(Reuters) – Jon Rahm is making his fifth career start at the Tournament of Champions this week, but his first as the No. 1 player in the world to begin a year.
“It means you’ve done a good job, you’ve won a tournament and you’ve had a great year,” Rahm said Tuesday of being in Kapalua, Maui, to begin the year. “So happy to be here, it’s always a tournament I look forward to.”
It comes after a whirlwind two years during which Rahm has posted four wins and 19 other top-10s. Thirteen of those came last year — although he’s quick to point out it would have been one more if not for a positive COVID-19 test taking him out while leading the Memorial after 54 holes.
Rahm was also the star for Team Europe despite his side’s lopsided loss to Team USA in the Ryder Cup in September. He played once during the Fall Swing, missing the cut at the Fortinet Championship, and then shut it down for the year after another missed cut at the Andalucia Masters in October.

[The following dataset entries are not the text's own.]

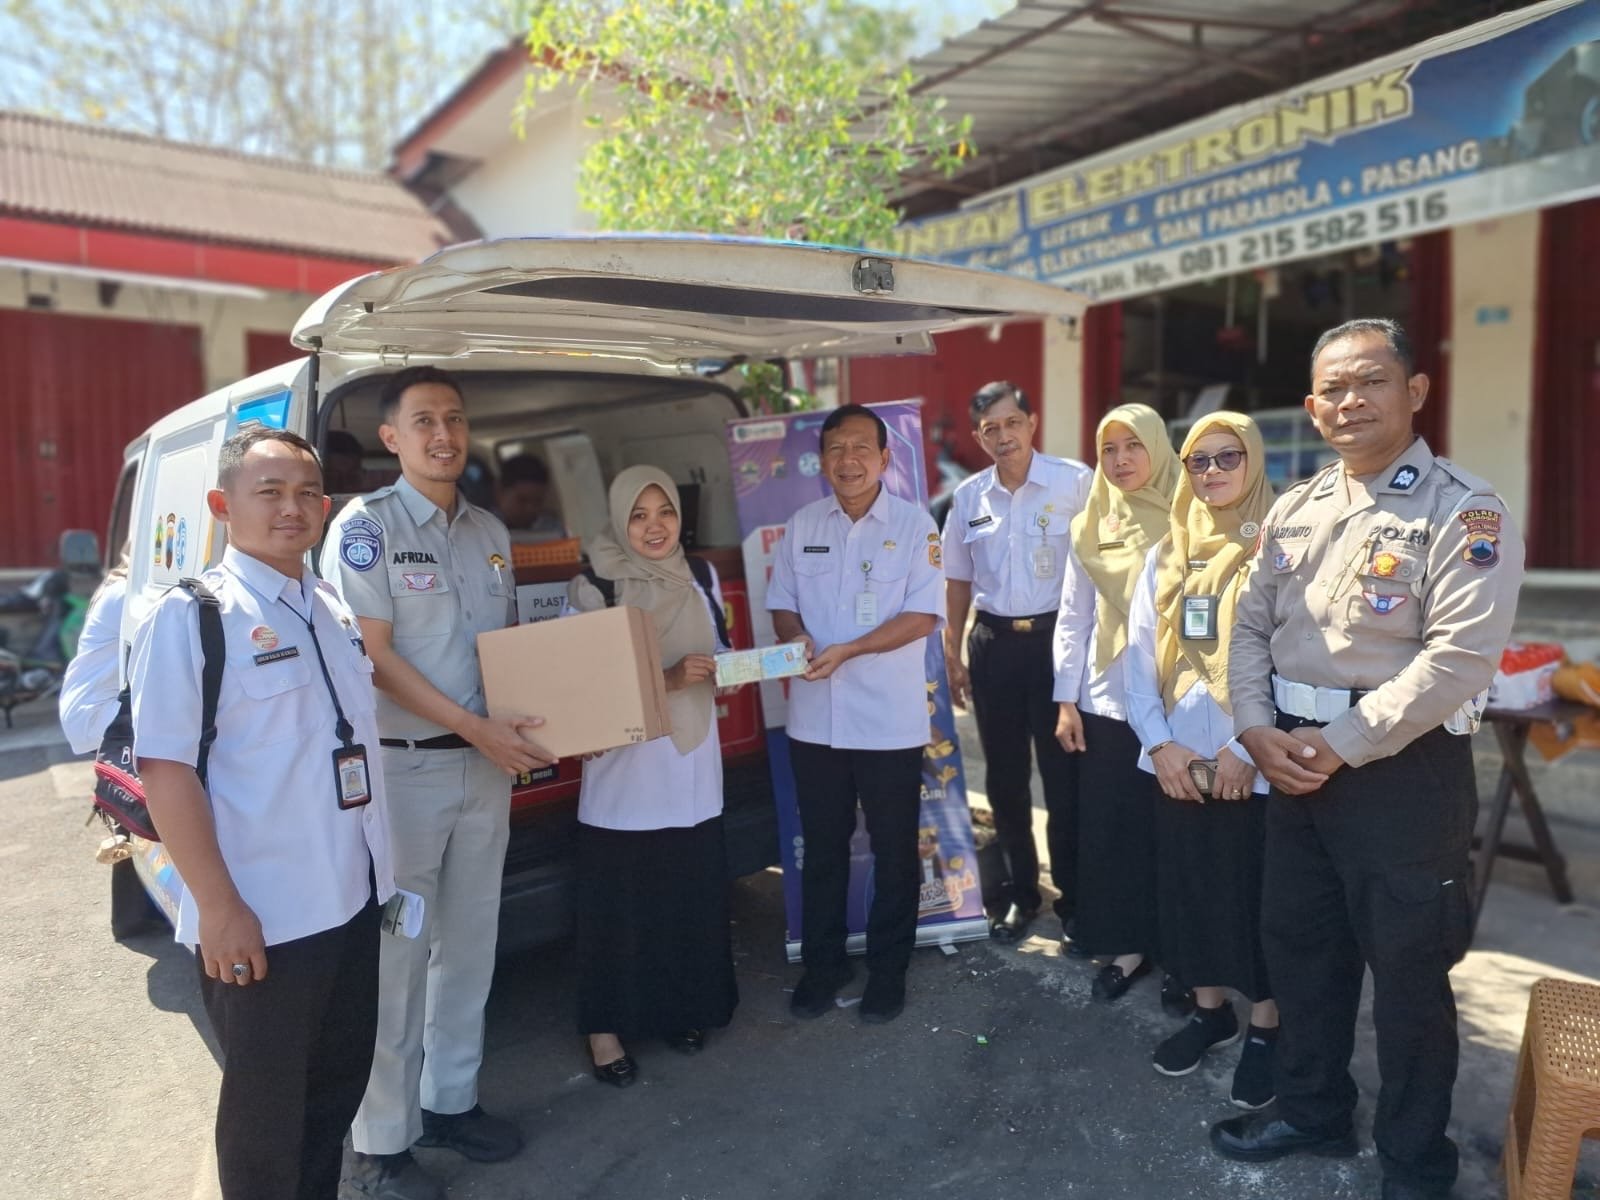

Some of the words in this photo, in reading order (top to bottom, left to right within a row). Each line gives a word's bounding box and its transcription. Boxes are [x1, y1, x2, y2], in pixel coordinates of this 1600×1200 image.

[1029, 66, 1408, 227] ELEKTRONIK
[1154, 157, 1301, 218] ELEKTRONIK
[1158, 214, 1203, 246] DAN
[1207, 179, 1332, 231] PARABOLA
[1361, 139, 1480, 195] PASANG
[1180, 242, 1229, 275] 081
[1240, 226, 1297, 264] 215
[1305, 209, 1367, 251] 582
[1377, 189, 1448, 233] 516
[1461, 510, 1499, 520] POLRES
[1369, 525, 1430, 546] POLRI
[393, 551, 438, 564] AFRIZAL
[533, 595, 566, 608] PLAST
[919, 788, 947, 801] GIRI

In the middle of his outstanding two-year run, Rahm changed to Callaway irons last January, meaning he spent the previous holiday season working “harder than I’ve ever worked” to minimize the impact of his equipment change.
Rahm was burnt out.
“When that Ryder Cup was over, I was drained for the previous year and a half. Not only the last four months but the previous year and a half,” he said. “I needed a break. Not only for me but also for my family. We all endured it together, and I just wanted the time to be a dad and be a husband and just be there for my wife and my son.”
After more than two months since last teeing it up in competition, Rahm said he feels great mentally and physically.

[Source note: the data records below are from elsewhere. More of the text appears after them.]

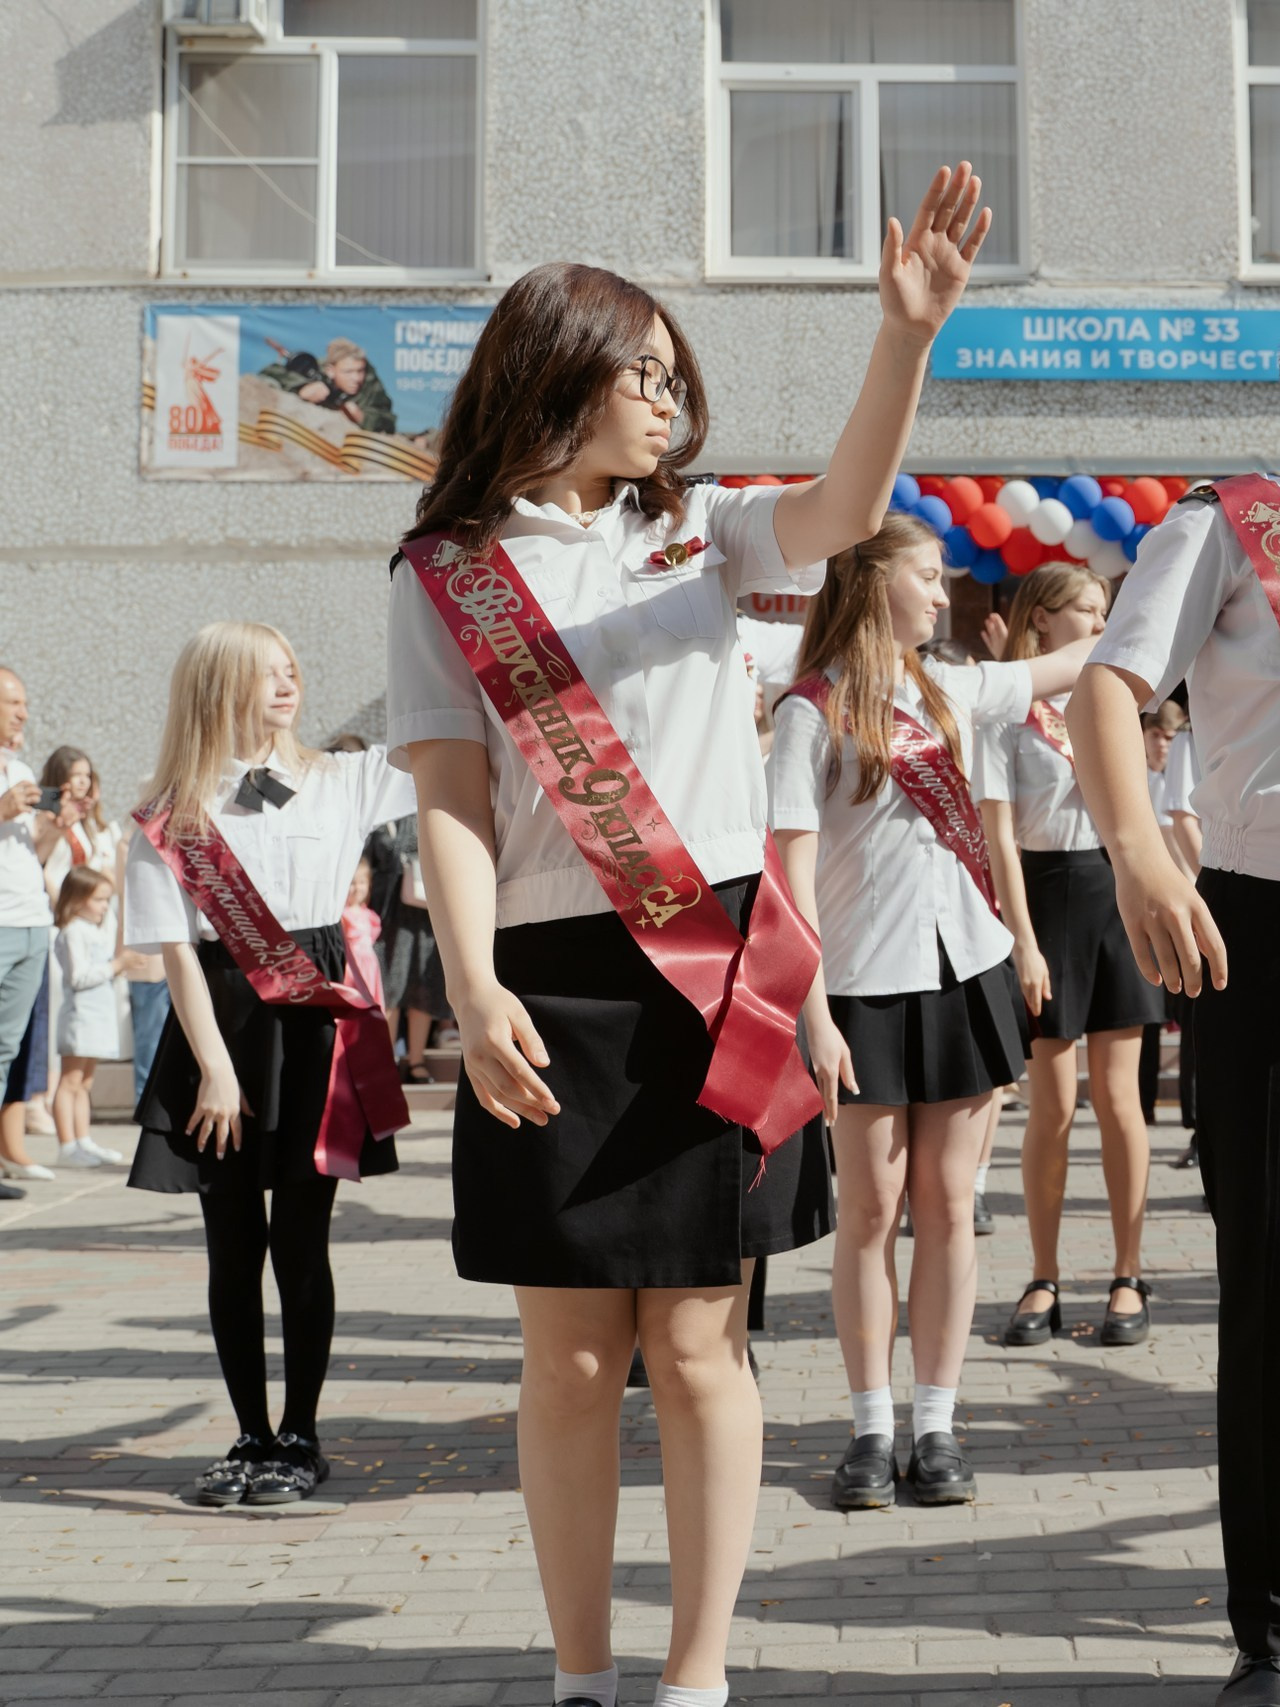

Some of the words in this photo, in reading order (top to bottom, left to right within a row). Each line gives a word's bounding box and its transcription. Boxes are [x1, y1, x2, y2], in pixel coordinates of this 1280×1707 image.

[1023, 317, 1151, 342] ШКОЛА
[1159, 316, 1195, 343] №
[1203, 318, 1240, 343] 33
[956, 347, 1081, 369] ЗНАНИЯ
[1091, 348, 1110, 369] И
[558, 768, 631, 807] 9

The Spaniard also has a target on his back as the No. 1 player in the world. It’s a place he maintained to end the year thanks only to second-ranked Collin Morikawa shooting a 76 in the final round of last month’s Hero World Challenge to finished tied for fifth.

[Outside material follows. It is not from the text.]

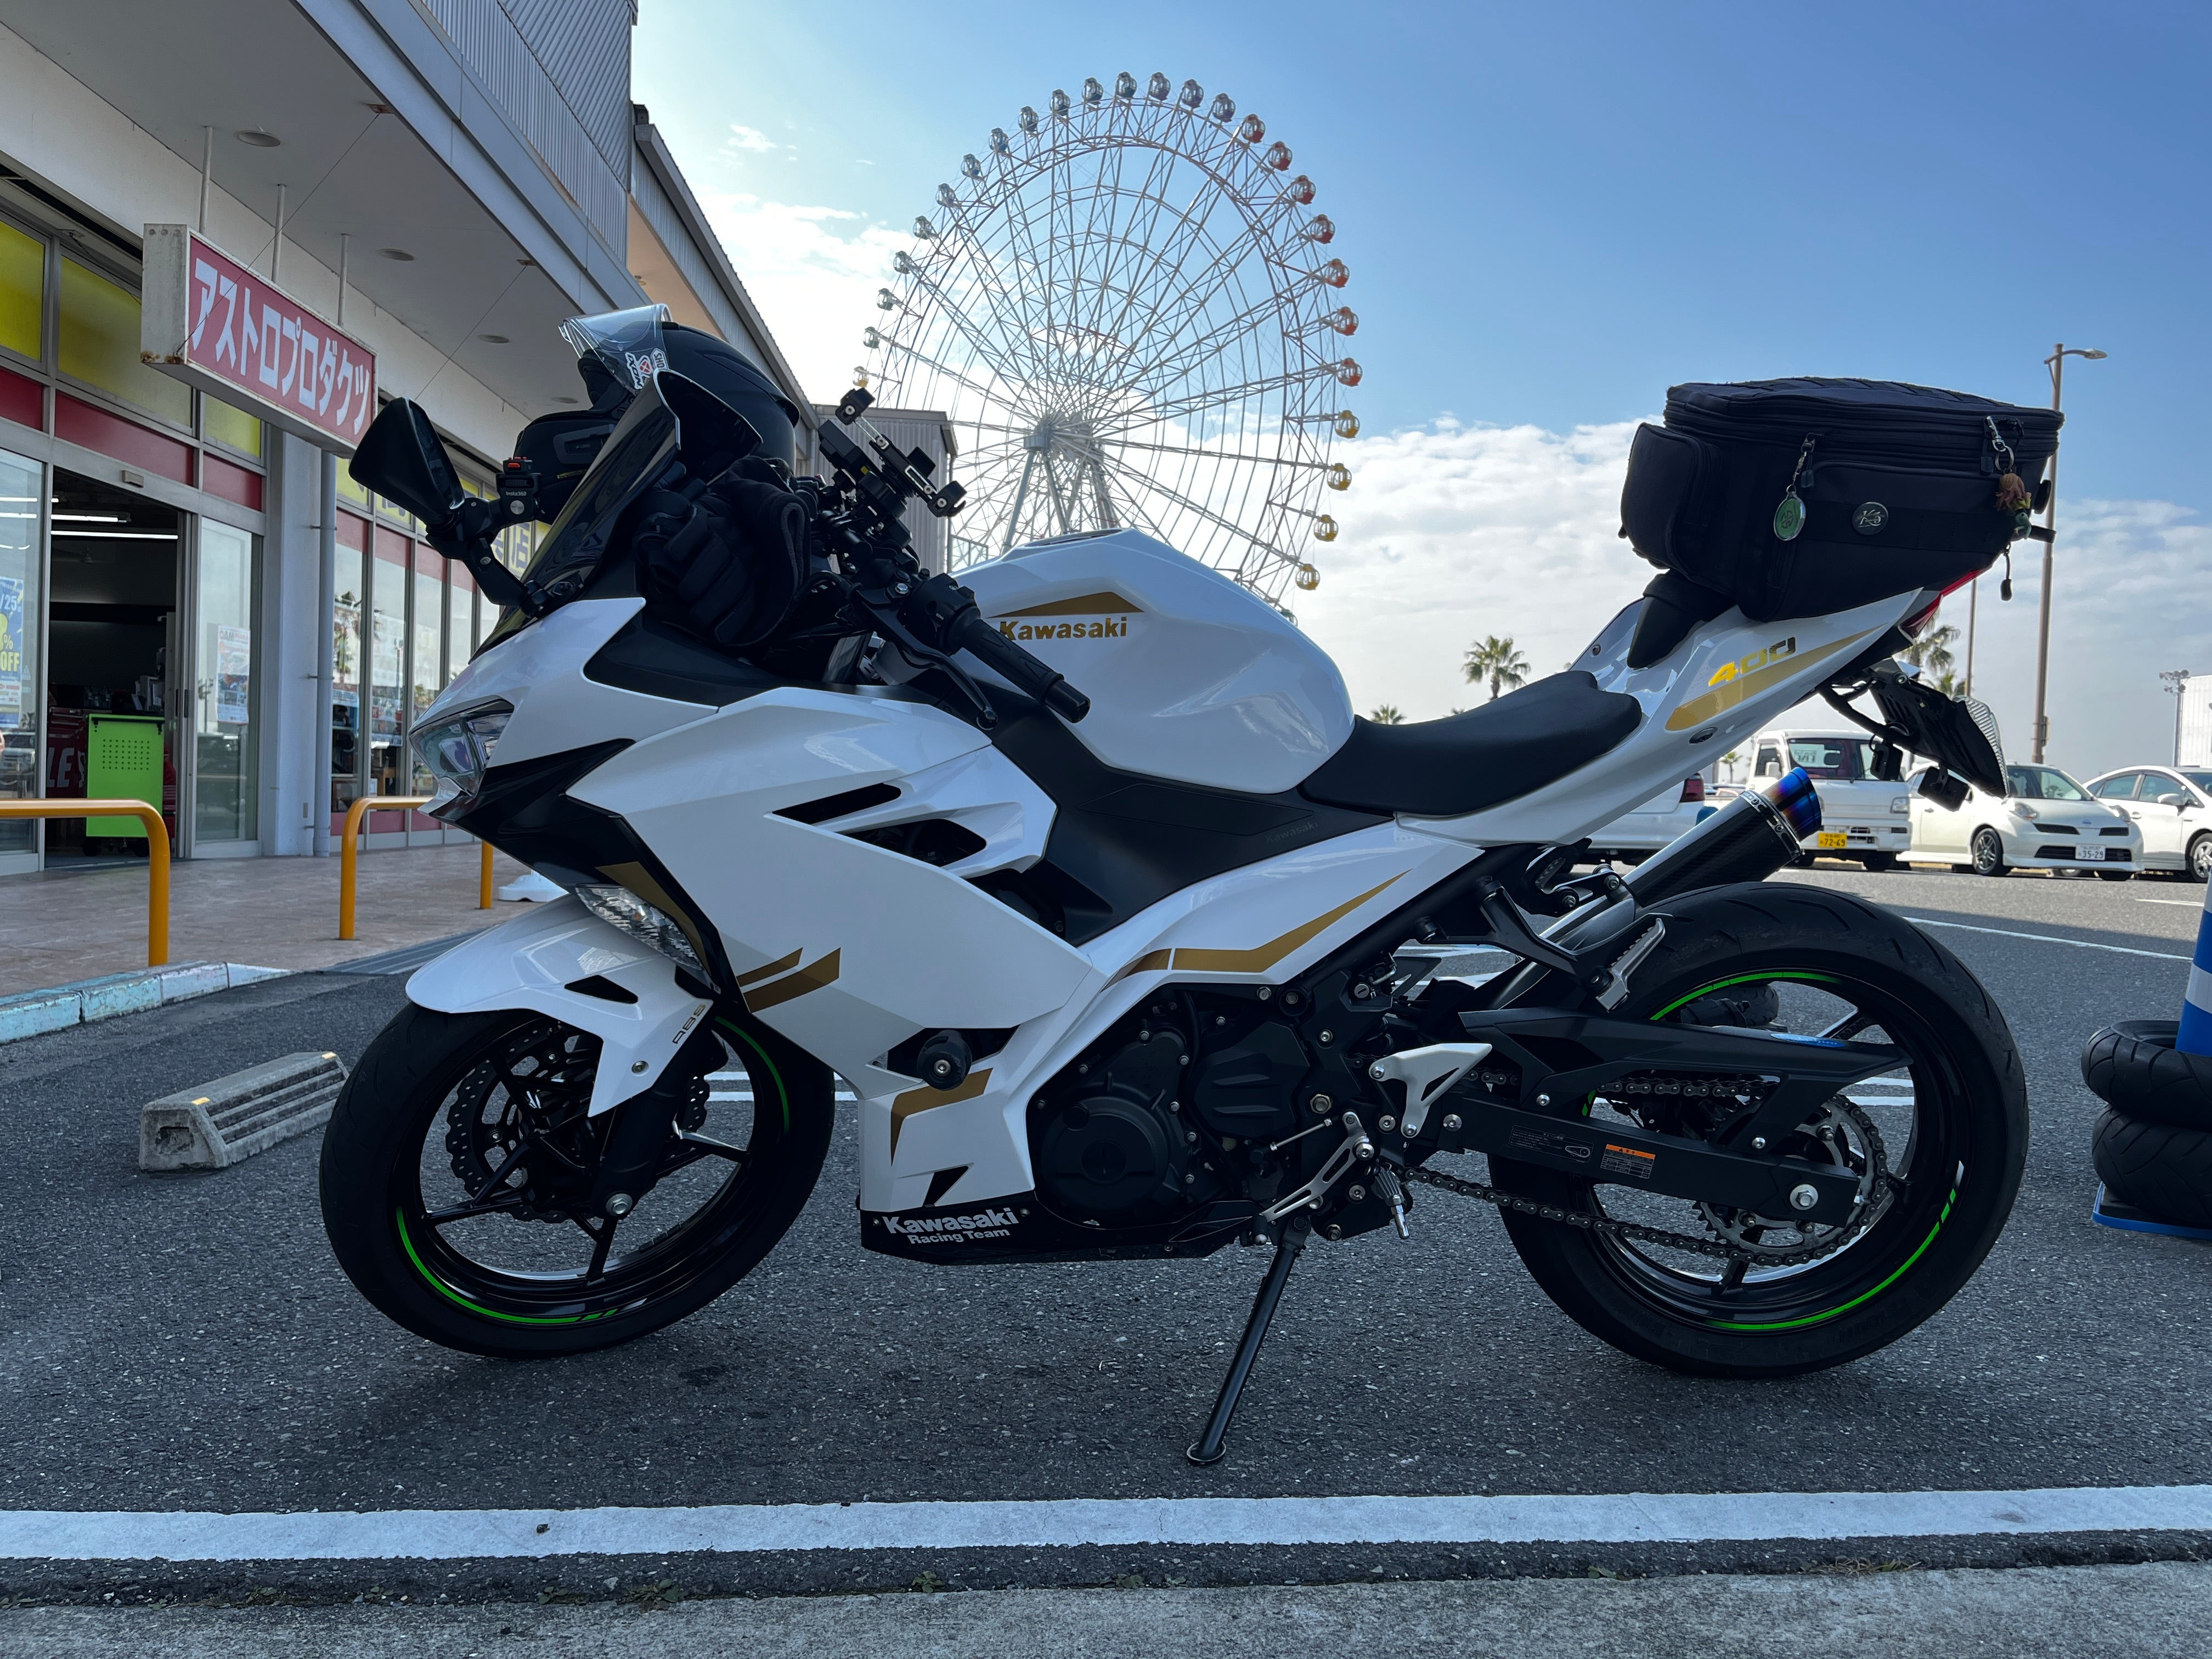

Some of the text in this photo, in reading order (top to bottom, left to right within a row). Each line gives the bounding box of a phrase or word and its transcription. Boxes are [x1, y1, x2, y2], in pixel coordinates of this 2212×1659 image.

Rahm insists he’s not working to protect his place atop the Official World Golf Ranking. He claimed his first major at last year’s U.S. Open, but it also proved to be his only stroke-play victory of the year.
Rahm’s goal is to improve on last year across the board.
“I would gladly take a bit more of inconsistency but have more than one win,” he said. “So it all depends on how you categorize it. And I could tell you at the end of the year how I think about it.”